Gynecomastia is an abnormal enlargement of one or both breasts in men, caused by an imbalance in the hormones estrogen and testosterone. It is a condition that can be easily and quickly ruled out, but if the diagnosis is confirmed, it is important to understand the causes, diagnosis and treatment of gynecomastia. The most common cause of gynecomastia is medications. A number of drugs have been reported to be associated with gynecomastia, such as antibiotics, antiulcer drugs, growth hormones and anti-AIDS antiviral drugs.
When advising a male patient on the use of a new medication that may cause gynecomastia, it is important to explain in detail the nature and importance of this problem. The diagnosis of gynecomastia should include an ultrasound of the breast and blood levels of beta-hCG, LH, follicle-stimulating hormone, estradiol, prolactin, testosterone, thyroid function (thyroid-stimulating hormone and thyroxine) and liver function tests. If the patient's blood test is not indicative of any specific endocrine or systemic disorder and the patient is not taking any medications related to gynecomastia, the cause is most likely idiopathic. Discontinuing the offending drug can lead to a regression of gynecomastia, but not always.
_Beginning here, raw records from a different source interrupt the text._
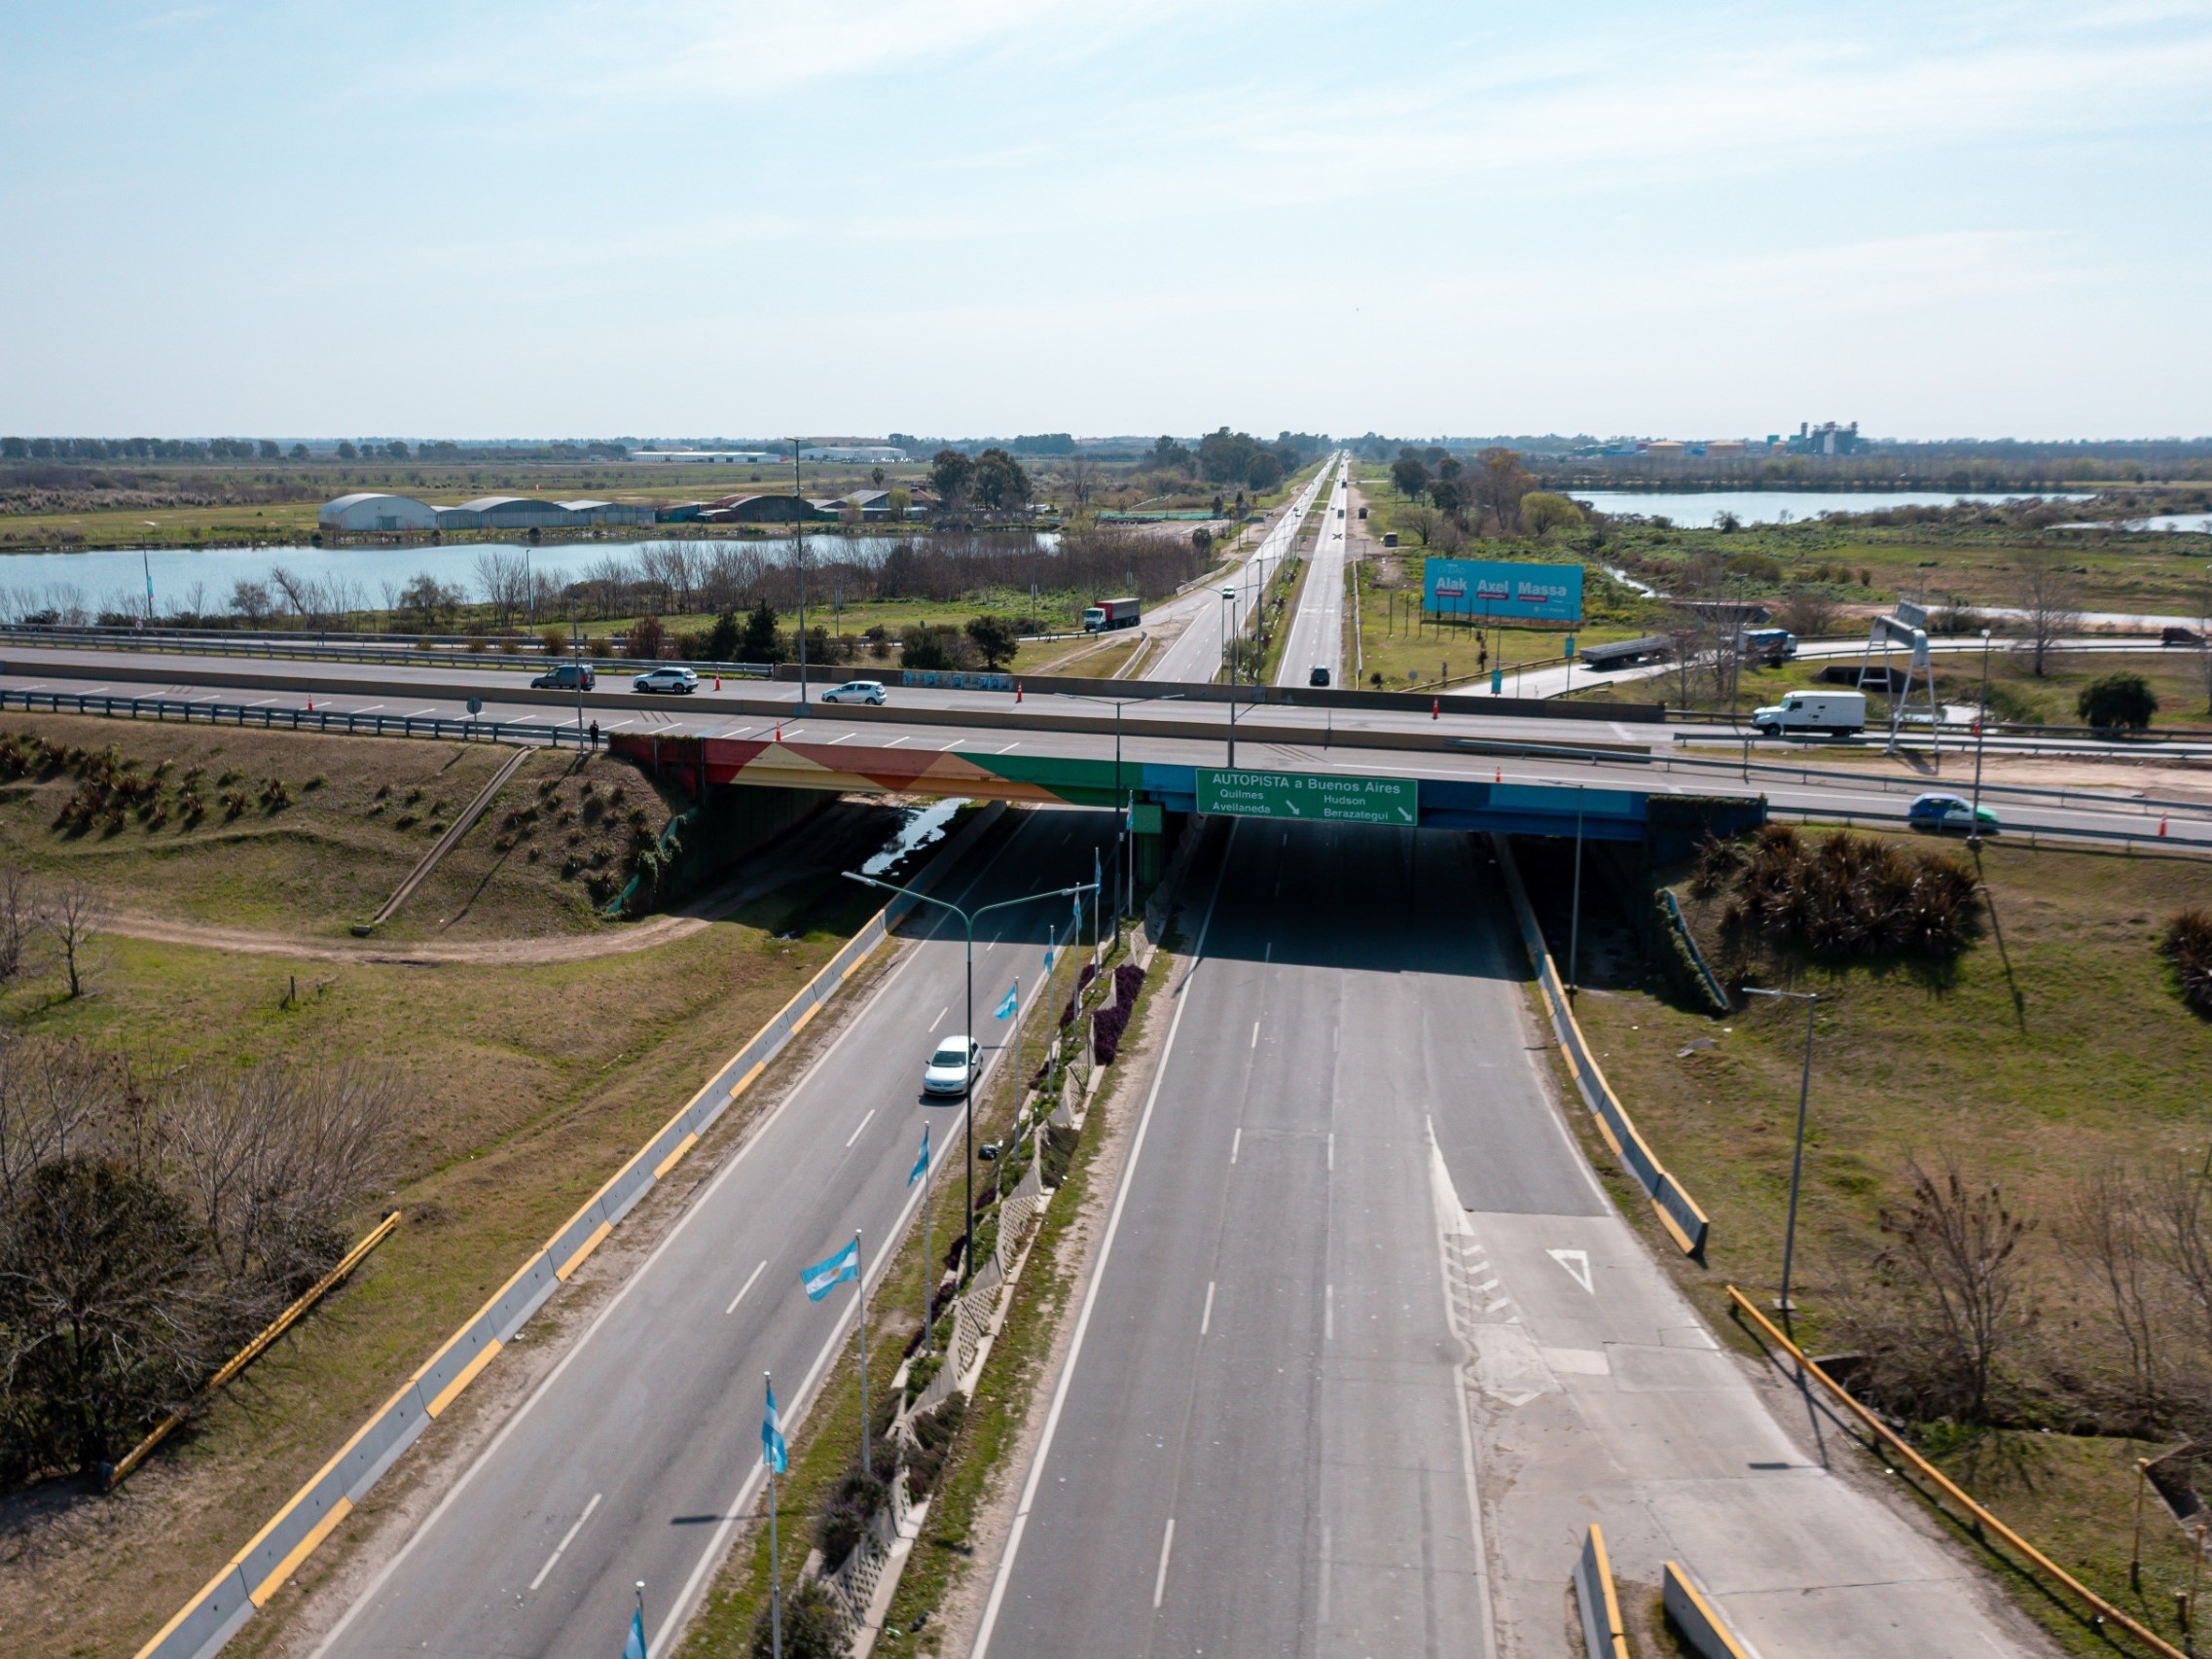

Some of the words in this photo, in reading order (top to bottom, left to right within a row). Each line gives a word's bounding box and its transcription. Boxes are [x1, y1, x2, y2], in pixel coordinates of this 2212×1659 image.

[1436, 577, 1468, 591] Alak
[1477, 579, 1508, 593] Axel
[1518, 582, 1567, 595] Massa
[1213, 774, 1289, 788] AUTOPISTA
[1294, 779, 1303, 789] a
[1308, 778, 1360, 792] Buenos
[1364, 781, 1401, 794] Aires
[1219, 788, 1264, 800] Quilmes
[1324, 795, 1366, 806] Hudson
[1212, 802, 1271, 813] Avellaneda
[1324, 808, 1389, 822] Berazategui
Weight loss may not completely reverse true gynecomastia since it is a glandular abnormality, even though breast enlargement may have been caused by the estrogen conversion pathway. In some cases, medical treatment may be necessary to reduce the size of the breasts. It is important to understand that gynecomastia can occur at any age and for various reasons. It is also important to understand that discontinuing the offending drug can lead to a regression of gynecomastia but not always.
In some cases, medical treatment may be necessary to reduce the size of the breasts.